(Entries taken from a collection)
'''
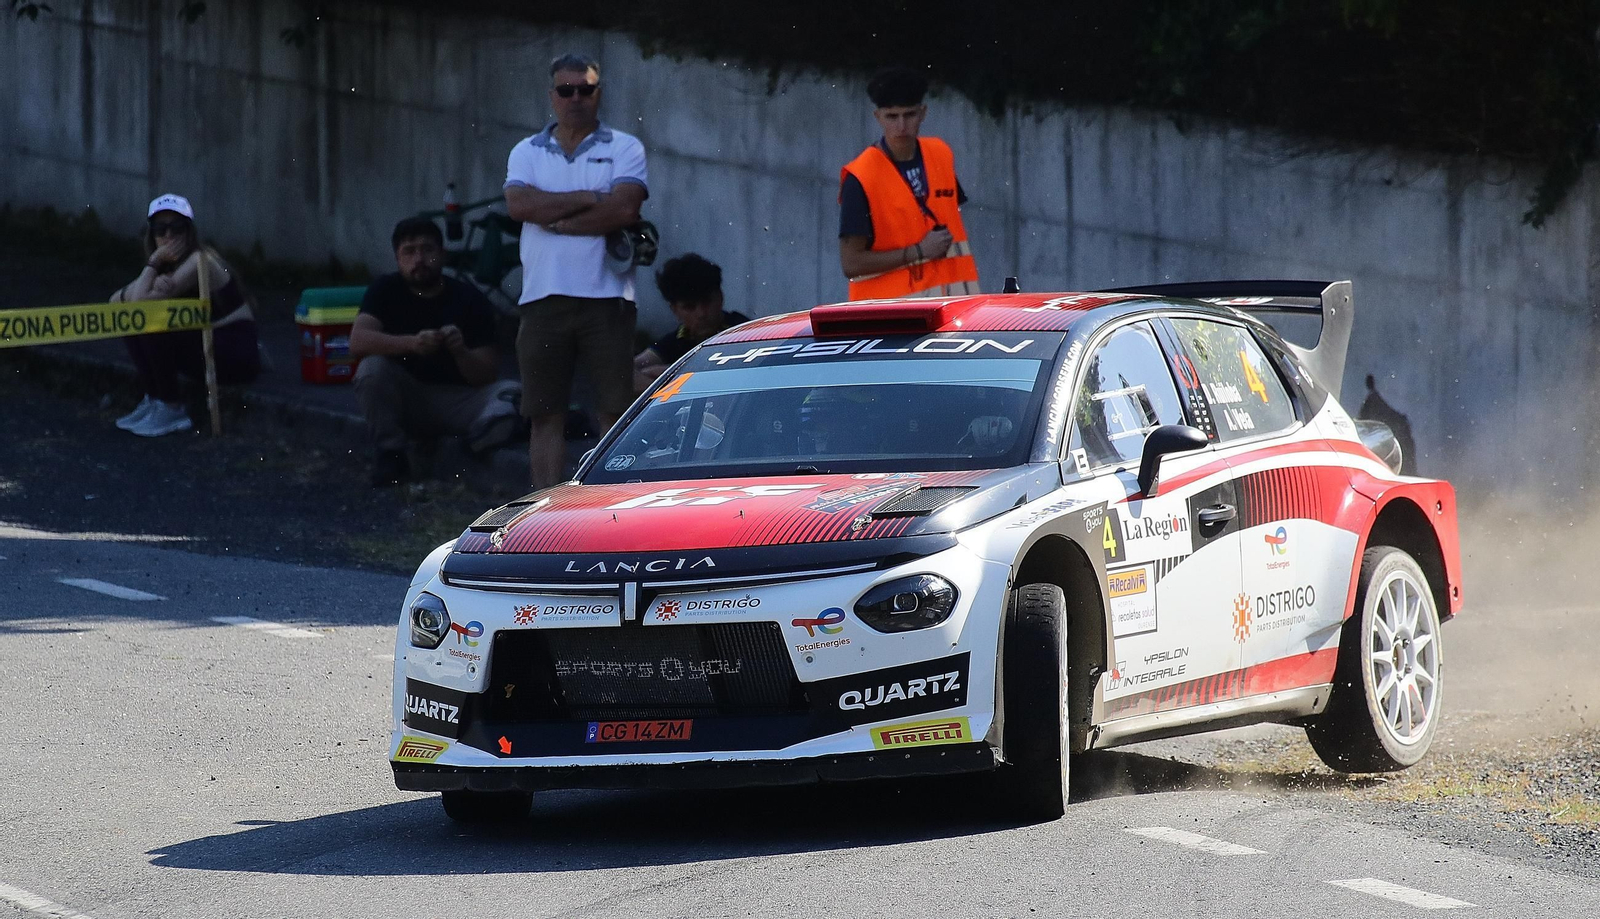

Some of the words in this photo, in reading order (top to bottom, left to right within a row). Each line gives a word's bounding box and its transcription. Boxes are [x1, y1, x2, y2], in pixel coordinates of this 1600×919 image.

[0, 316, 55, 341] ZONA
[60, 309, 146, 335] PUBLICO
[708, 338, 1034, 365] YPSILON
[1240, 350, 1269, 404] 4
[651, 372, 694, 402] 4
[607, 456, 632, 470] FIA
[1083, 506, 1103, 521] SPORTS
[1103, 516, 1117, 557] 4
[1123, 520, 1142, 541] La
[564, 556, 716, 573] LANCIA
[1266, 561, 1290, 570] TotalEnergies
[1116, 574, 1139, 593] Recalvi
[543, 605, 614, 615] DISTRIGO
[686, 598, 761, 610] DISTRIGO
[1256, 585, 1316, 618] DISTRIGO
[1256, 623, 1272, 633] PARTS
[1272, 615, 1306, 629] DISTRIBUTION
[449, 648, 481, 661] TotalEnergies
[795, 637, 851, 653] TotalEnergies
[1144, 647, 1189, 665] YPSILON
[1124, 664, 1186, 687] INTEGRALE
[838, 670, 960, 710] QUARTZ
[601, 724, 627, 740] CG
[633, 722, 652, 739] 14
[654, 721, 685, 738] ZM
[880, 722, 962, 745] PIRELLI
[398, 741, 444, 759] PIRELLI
'''
REQUIREMENT: Without including any pictures, output all the entries above exactly.

EXPECTED ANSWER:
Some of the words in this photo, in reading order (top to bottom, left to right within a row). Each line gives a word's bounding box and its transcription. Boxes are [x1, y1, x2, y2], in pixel coordinates of this 1600×919 image.

[0, 316, 55, 341] ZONA
[60, 309, 146, 335] PUBLICO
[708, 338, 1034, 365] YPSILON
[1240, 350, 1269, 404] 4
[651, 372, 694, 402] 4
[607, 456, 632, 470] FIA
[1083, 506, 1103, 521] SPORTS
[1103, 516, 1117, 557] 4
[1123, 520, 1142, 541] La
[564, 556, 716, 573] LANCIA
[1266, 561, 1290, 570] TotalEnergies
[1116, 574, 1139, 593] Recalvi
[543, 605, 614, 615] DISTRIGO
[686, 598, 761, 610] DISTRIGO
[1256, 585, 1316, 618] DISTRIGO
[1256, 623, 1272, 633] PARTS
[1272, 615, 1306, 629] DISTRIBUTION
[449, 648, 481, 661] TotalEnergies
[795, 637, 851, 653] TotalEnergies
[1144, 647, 1189, 665] YPSILON
[1124, 664, 1186, 687] INTEGRALE
[838, 670, 960, 710] QUARTZ
[601, 724, 627, 740] CG
[633, 722, 652, 739] 14
[654, 721, 685, 738] ZM
[880, 722, 962, 745] PIRELLI
[398, 741, 444, 759] PIRELLI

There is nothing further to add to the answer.